* What to do
Locate the line that contains "this 1280×1280 image.". Copy it and every following line through the end of the records, exactly, and include nothing else.

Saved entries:
= = = = =

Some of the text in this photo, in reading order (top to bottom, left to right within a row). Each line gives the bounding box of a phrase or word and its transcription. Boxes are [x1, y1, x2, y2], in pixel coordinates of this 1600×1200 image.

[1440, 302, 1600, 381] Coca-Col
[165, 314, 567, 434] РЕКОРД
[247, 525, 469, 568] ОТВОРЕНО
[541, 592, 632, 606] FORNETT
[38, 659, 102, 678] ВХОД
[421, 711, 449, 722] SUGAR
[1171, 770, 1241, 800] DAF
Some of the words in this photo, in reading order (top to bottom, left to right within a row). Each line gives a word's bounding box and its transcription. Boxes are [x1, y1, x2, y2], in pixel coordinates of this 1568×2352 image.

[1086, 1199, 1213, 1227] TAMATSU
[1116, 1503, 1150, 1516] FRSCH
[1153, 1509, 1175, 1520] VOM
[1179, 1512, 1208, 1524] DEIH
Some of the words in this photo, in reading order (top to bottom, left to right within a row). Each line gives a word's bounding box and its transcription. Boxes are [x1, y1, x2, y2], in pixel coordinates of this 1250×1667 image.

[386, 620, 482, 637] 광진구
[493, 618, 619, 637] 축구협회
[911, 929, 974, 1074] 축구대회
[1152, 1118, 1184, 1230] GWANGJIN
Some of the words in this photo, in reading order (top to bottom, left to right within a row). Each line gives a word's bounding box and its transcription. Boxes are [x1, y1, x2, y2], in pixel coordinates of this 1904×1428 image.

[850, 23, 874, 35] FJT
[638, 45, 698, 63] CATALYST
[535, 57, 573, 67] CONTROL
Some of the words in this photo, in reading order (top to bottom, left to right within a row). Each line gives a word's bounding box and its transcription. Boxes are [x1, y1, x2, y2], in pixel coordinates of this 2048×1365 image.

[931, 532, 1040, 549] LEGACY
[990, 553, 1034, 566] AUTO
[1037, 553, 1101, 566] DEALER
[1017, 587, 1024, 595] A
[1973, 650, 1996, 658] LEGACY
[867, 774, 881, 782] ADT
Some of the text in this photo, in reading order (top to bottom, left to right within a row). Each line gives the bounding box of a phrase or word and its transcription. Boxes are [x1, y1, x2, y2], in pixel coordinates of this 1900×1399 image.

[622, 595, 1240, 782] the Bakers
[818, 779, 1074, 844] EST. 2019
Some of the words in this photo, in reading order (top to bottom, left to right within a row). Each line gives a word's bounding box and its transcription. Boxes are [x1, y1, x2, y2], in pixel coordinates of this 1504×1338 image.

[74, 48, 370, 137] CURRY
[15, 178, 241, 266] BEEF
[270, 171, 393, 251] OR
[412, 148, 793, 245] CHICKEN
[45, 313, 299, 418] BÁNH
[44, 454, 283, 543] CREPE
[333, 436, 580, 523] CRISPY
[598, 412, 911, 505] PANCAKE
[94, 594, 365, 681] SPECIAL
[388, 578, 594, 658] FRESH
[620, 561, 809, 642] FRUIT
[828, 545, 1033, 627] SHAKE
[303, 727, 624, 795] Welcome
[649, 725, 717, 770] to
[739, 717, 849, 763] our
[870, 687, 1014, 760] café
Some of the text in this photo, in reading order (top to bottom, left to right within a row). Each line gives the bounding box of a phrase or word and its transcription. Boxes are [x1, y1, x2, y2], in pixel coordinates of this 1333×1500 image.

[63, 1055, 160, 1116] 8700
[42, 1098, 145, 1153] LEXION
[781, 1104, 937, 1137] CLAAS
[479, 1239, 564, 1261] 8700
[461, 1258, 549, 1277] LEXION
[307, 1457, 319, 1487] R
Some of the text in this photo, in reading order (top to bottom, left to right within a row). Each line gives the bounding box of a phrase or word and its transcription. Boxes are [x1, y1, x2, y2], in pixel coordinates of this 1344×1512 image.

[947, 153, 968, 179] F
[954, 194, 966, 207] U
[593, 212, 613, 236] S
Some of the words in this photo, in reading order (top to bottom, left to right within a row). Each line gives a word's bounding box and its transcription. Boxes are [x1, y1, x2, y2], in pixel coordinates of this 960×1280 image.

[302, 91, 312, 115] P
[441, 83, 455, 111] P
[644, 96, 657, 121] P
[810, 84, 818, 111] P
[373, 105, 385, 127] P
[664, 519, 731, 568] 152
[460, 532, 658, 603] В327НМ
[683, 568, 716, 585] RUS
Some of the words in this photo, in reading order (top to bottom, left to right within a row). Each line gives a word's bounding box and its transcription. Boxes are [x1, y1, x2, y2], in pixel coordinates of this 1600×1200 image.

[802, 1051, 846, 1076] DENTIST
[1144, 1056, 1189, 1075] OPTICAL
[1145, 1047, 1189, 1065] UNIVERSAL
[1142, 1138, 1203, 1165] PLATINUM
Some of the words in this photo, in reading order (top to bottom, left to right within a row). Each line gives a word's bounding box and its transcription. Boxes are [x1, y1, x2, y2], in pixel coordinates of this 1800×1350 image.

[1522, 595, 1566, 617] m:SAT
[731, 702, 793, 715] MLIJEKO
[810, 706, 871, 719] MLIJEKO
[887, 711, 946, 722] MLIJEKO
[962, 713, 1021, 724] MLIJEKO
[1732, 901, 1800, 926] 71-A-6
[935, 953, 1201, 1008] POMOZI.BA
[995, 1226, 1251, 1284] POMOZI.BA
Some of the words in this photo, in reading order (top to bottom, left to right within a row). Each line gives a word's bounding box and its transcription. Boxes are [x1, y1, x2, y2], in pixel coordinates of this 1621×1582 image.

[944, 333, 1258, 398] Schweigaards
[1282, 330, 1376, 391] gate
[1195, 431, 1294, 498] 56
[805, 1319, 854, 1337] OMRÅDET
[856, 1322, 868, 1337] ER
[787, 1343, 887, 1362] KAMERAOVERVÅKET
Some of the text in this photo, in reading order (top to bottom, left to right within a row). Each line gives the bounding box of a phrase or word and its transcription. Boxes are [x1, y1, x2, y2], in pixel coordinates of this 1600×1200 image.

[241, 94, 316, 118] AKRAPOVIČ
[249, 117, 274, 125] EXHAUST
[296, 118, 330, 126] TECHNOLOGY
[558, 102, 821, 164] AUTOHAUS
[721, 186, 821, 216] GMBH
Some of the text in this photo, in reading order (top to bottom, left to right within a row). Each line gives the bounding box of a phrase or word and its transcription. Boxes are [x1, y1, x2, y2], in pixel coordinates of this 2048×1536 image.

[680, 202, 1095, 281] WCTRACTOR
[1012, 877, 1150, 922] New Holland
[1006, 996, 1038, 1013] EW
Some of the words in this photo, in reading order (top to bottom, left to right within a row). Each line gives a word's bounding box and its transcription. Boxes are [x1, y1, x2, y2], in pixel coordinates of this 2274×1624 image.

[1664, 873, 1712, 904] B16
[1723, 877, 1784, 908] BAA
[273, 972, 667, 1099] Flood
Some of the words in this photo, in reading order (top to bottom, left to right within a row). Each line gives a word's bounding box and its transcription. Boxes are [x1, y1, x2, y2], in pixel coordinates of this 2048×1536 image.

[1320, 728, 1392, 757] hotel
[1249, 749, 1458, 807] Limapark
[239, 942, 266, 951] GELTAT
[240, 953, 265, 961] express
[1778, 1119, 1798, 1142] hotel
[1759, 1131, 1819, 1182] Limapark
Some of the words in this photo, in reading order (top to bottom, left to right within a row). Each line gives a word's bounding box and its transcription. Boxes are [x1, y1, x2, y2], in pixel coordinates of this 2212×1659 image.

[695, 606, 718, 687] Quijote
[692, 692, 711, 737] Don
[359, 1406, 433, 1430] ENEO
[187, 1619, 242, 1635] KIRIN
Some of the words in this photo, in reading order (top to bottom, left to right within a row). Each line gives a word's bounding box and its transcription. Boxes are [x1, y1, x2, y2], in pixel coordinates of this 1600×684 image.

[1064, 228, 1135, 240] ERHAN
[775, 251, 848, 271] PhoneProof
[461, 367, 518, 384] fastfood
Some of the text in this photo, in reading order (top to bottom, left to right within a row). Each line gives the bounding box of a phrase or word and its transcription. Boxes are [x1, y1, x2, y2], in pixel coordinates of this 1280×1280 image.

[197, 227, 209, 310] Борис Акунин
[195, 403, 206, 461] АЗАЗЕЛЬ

= = = = =

* Result of the task
Some of the text in this photo, in reading order (top to bottom, left to right within a row). Each line gives the bounding box of a phrase or word and its transcription. Boxes are [x1, y1, x2, y2], in pixel coordinates of this 1280×1280 image.

[197, 227, 209, 310] Борис Акунин
[195, 403, 206, 461] АЗАЗЕЛЬ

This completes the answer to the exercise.